Direkt zur Notoperation
Der 27-Jährige erzählt das Ganze so ruhig, als erkläre er gerade sein Rezept für einen Schokoladenkuchen. Dabei wird es nun dramatisch: «Als sie mich untersucht hatten, brachten sie mich direkt zur Notoperation. Denn das Blut floss nicht mehr in meine Hoden.» Hoden und Samenstrang waren verdreht, sodass die Durchblutung des Hodens blockiert war.
Der medizinische Fachbegriff dafür ist Hodentorsion, und damit ist nicht zu spassen. Das wurde Rublew im Spital sofort klargemacht. «Ich hatte grosses Glück, denn wenn du fünf, sechs Stunden wartest, sind die Hoden abgestorben», erklärt er.
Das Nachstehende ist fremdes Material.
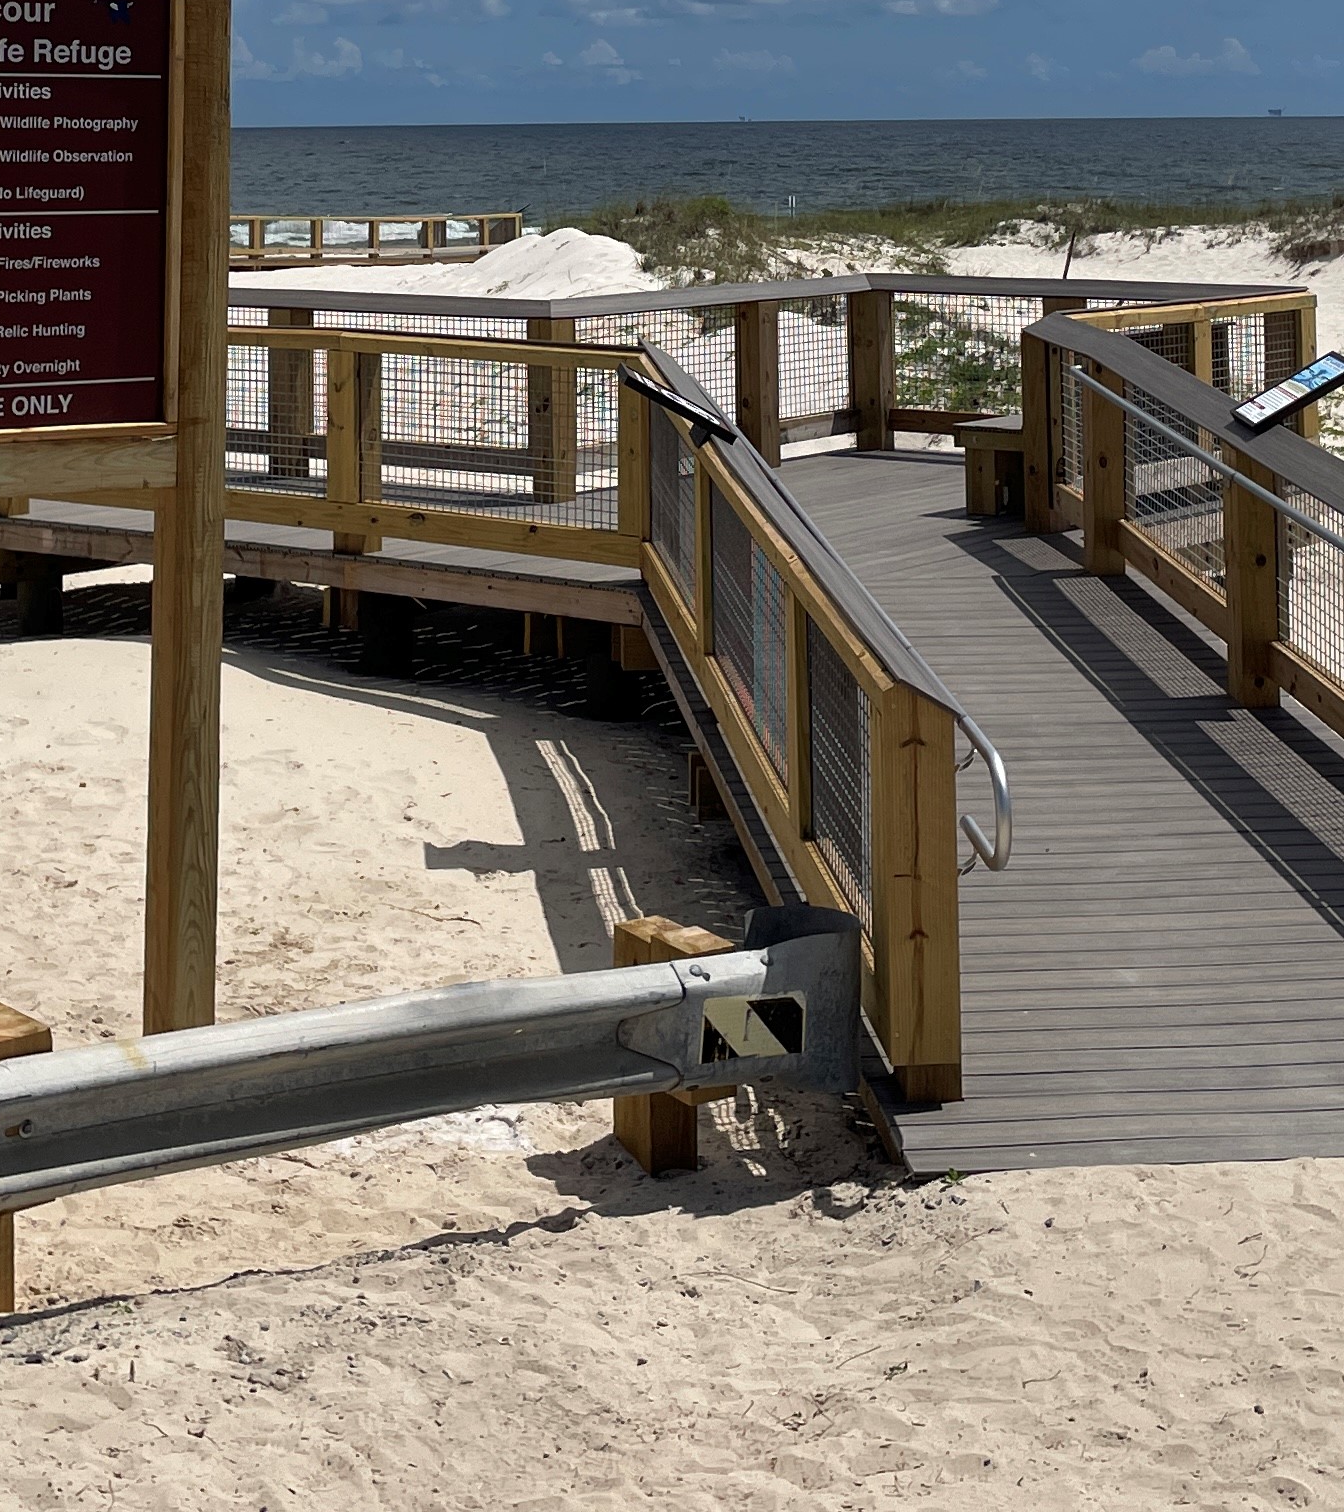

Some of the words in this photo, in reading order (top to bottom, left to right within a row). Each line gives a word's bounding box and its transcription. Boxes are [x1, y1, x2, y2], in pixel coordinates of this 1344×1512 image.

[34, 39, 131, 70] Refuge
[0, 116, 50, 128] Wildlife
[54, 117, 138, 132] Photography
[0, 150, 49, 162] Wildlife
[53, 150, 132, 162] Observation
[16, 186, 84, 201] Lifeguard)
[50, 289, 91, 301] Plants
[33, 323, 85, 337] Hunting
[14, 359, 80, 374] Overnight
[12, 394, 73, 415] ONLY
Mit dem Anflug eines Lächelns fährt Rublew fort: «Bevor sie mich in Vollnarkose versetzten, musste ich eine Erklärung unterschreiben, dass ich der Entfernung meiner Hoden zustimme, wenn etwas schiefgeht.» Er unterschrieb und wurde ins Reich der Träume geschickt.
Als er nach einigen Stunden wieder aufwachte, bekam er die gute Nachricht: Die OP war gelungen. Tags darauf konnte er das Spital schon wieder verlassen. Wegen der Narbe musste er einige Tage noch etwas vorsichtig sein, damit sich nichts entzündete. Zwei Wochen später flog er schon ans nächste Turnier in Peking.
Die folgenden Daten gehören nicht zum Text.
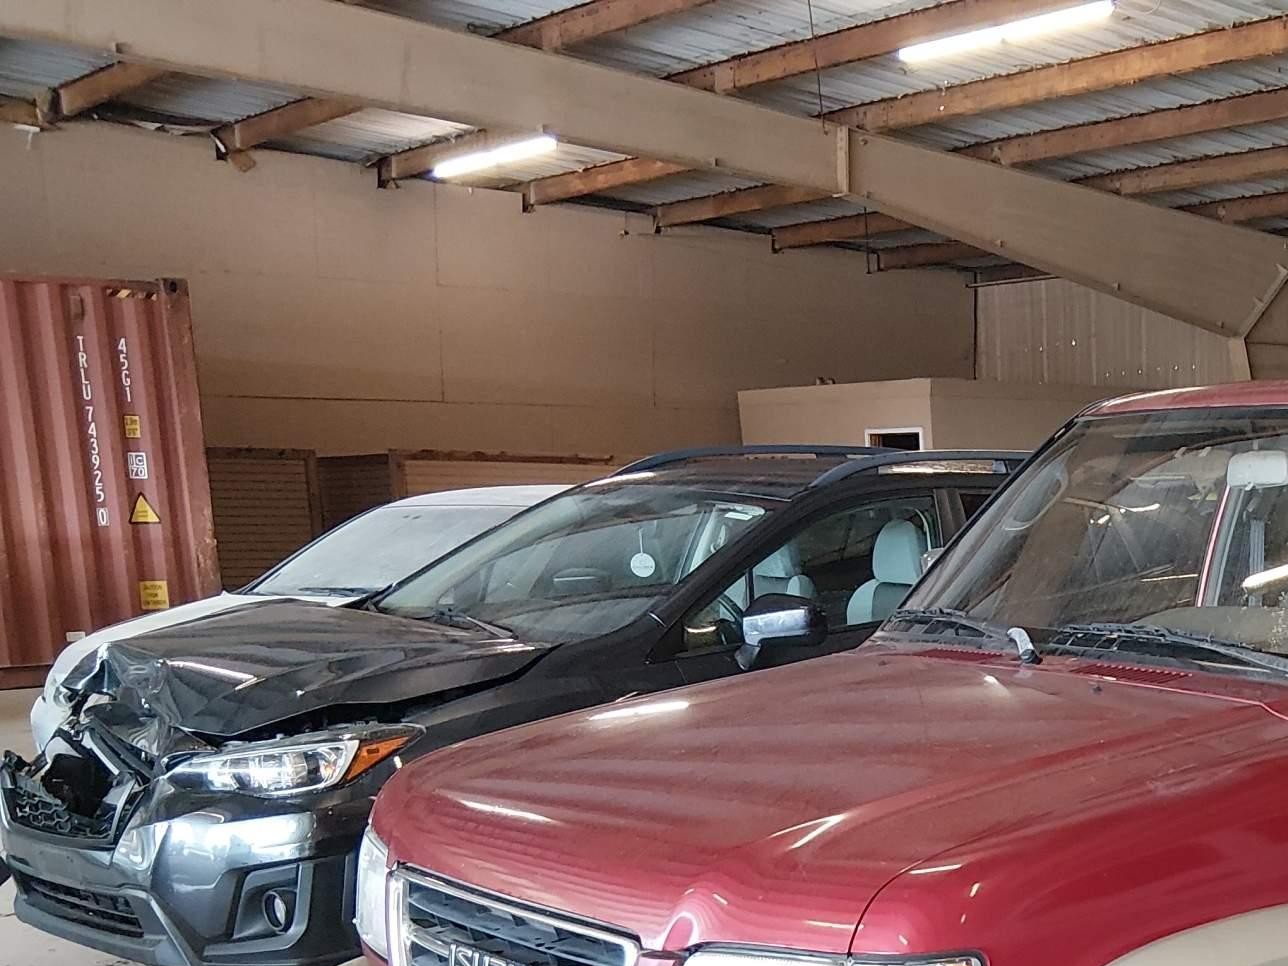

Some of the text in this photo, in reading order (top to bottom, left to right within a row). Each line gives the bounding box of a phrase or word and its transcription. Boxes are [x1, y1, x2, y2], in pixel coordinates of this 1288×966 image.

[76, 335, 92, 401] TRLU
[84, 405, 105, 503] 743925
[117, 337, 133, 403] 45G1
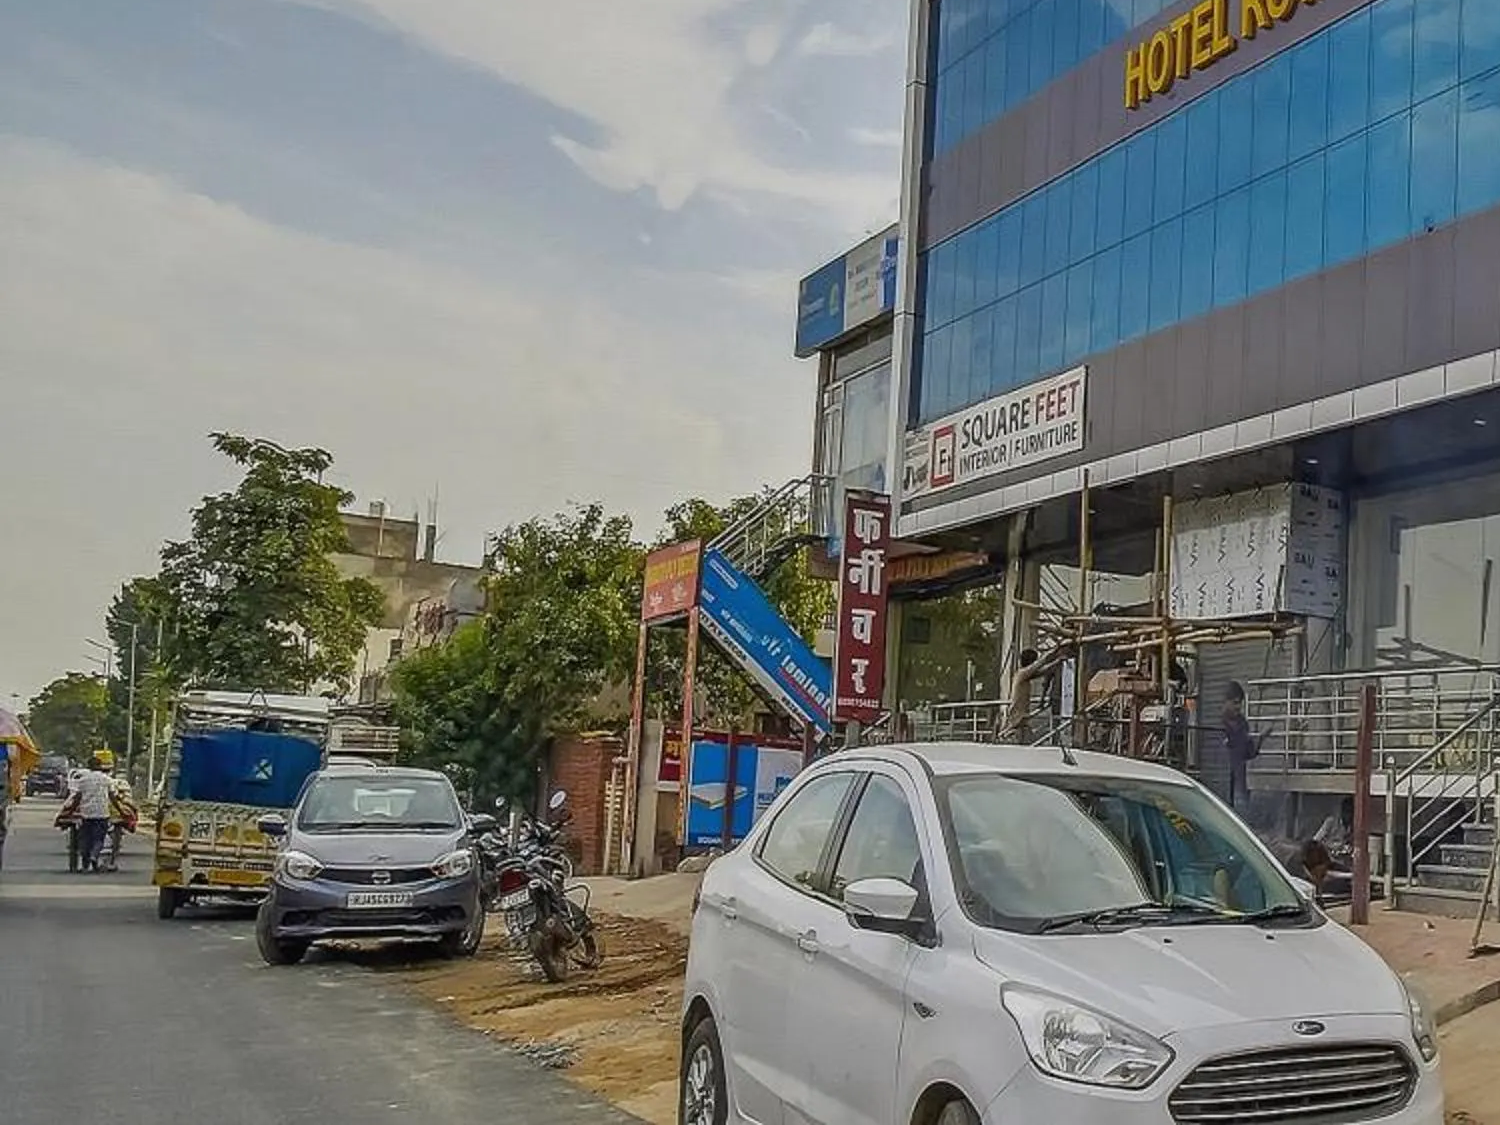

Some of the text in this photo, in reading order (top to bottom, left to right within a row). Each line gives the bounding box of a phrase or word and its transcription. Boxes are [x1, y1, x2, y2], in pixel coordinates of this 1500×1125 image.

Da alles gut gegangen sei, könne er das Ganze so ruhig erzählen, sagt Rublew. «Aber lustig war es natürlich nicht. Eine ziemlich schräge Geschichte.» Im schlimmsten Fall wäre sogar seine Zeugungsfähigkeit beeinträchtigt worden. Und Rublew mag Kinder, ist der Götti von Alicia, der einjährigen Tochter von Daniil Medwedew, dem anderen Russen in den Top 10.
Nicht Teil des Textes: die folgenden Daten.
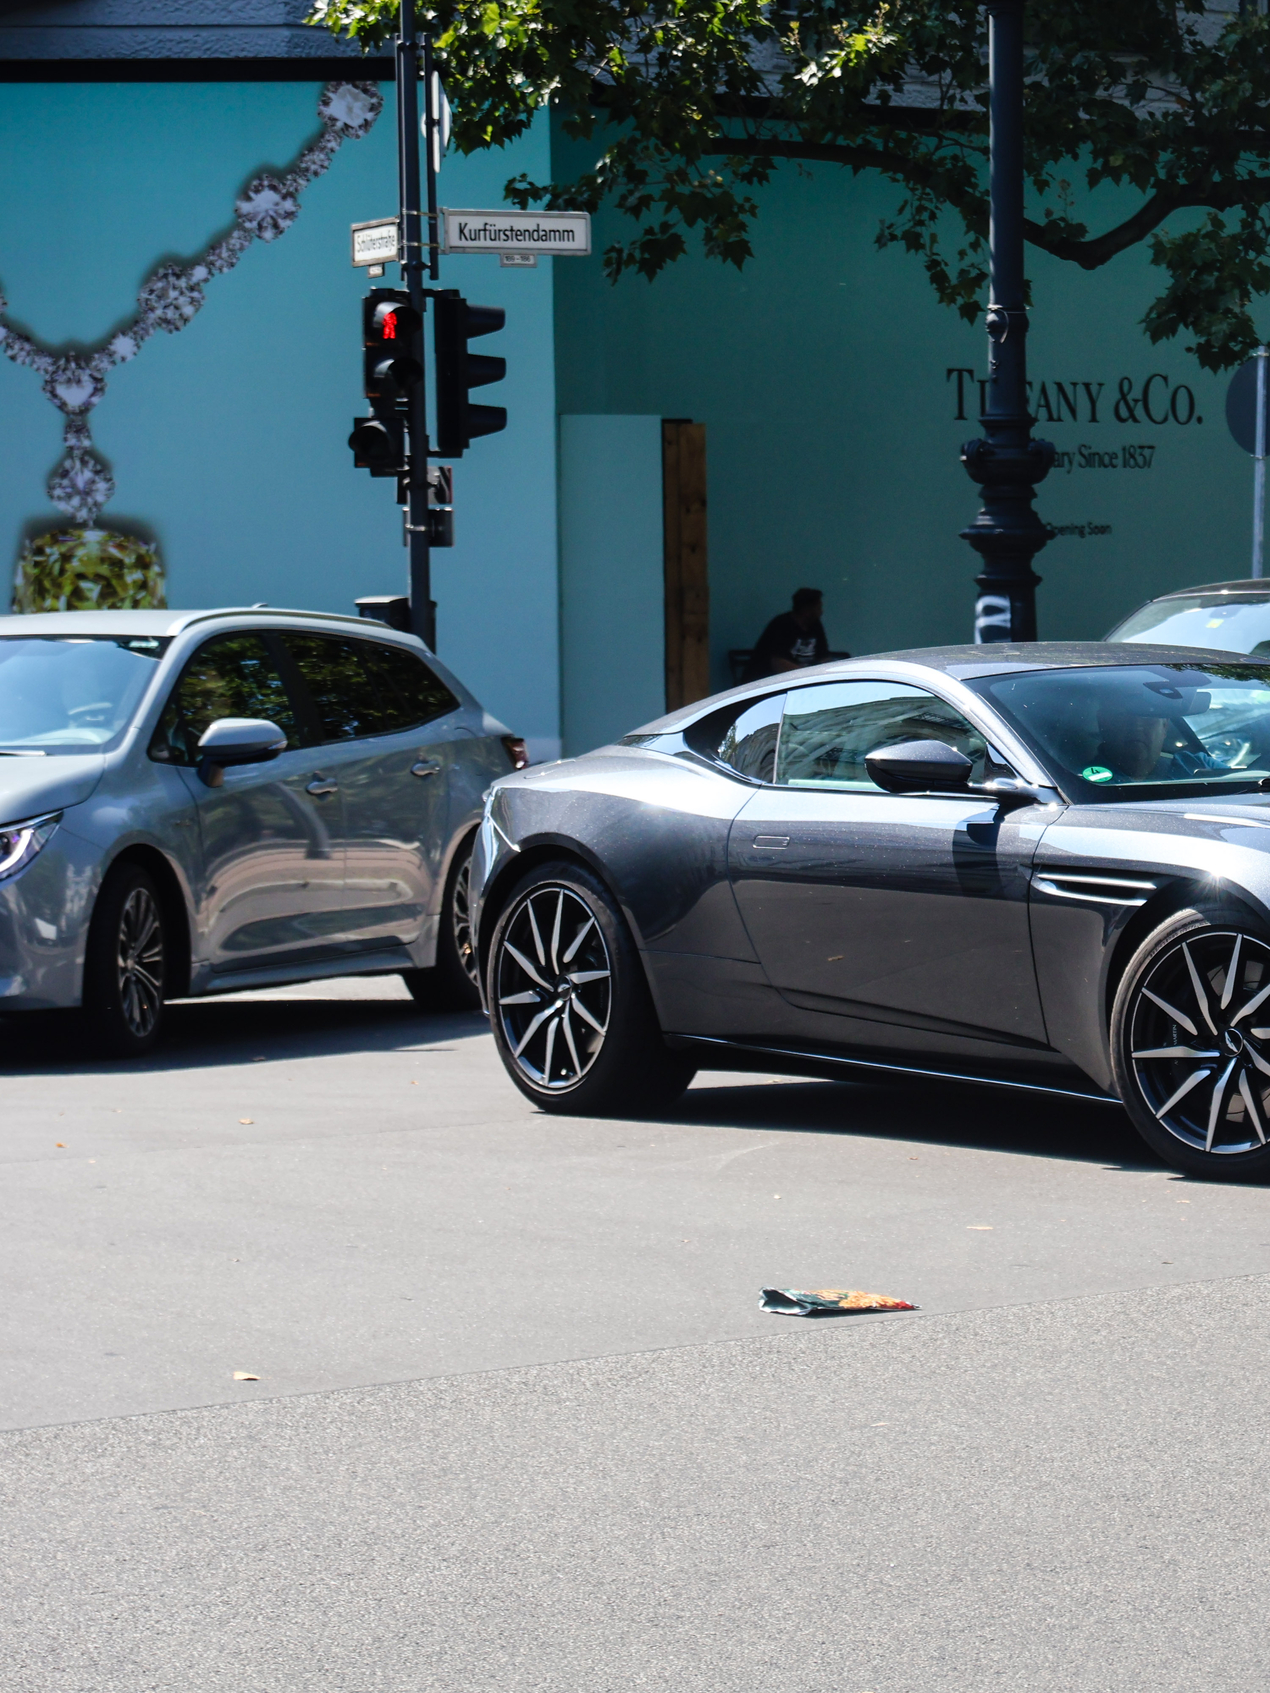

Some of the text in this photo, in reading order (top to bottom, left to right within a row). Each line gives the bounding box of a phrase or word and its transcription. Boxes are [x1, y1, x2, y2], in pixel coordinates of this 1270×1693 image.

[458, 222, 575, 242] Kurfürstendamm
[946, 368, 1105, 423] TIANY
[1078, 444, 1118, 469] Since
[1120, 444, 1156, 469] 1837
Hier wird Inhalt angezeigt, der zusätzliche Cookies setzt.
An dieser Stelle finden Sie einen ergänzenden externen Inhalt. Falls Sie damit einverstanden sind, dass Cookies von externen Anbietern gesetzt und dadurch personenbezogene Daten an externe Anbieter übermittelt werden, können Sie alle Cookies zulassen und externe Inhalte direkt anzeigen.
Selbst hat Rublew noch keine Pläne, eine Familie zu gründen. Sein Fokus liegt darauf, sich als Tennisspieler zu finden und seine Emotionen auf und neben dem Court besser zu kontrollieren. Denn er ist bekannt für seine spektakulären Wutausbrüche. Als er vergangene Woche in Stockholm gegen den entfesselten Stan Wawrinka verlor, schlug er mit seinem Racket wild um sich. Doch das war noch harmlos für seine Verhältnisse.
Am ATP-Finale 2023 in Turin schlug er sich im Spiel gegen Carlos Alcaraz sein Knie mit dem Schläger blutig und musste behandelt werden. In Dubai wurde er im April dieses Jahres in der Endphase seines Halbfinals gegen Alexander Bublik disqualifiziert, weil er in seinem Frust einen Linienrichter angeschrien hatte.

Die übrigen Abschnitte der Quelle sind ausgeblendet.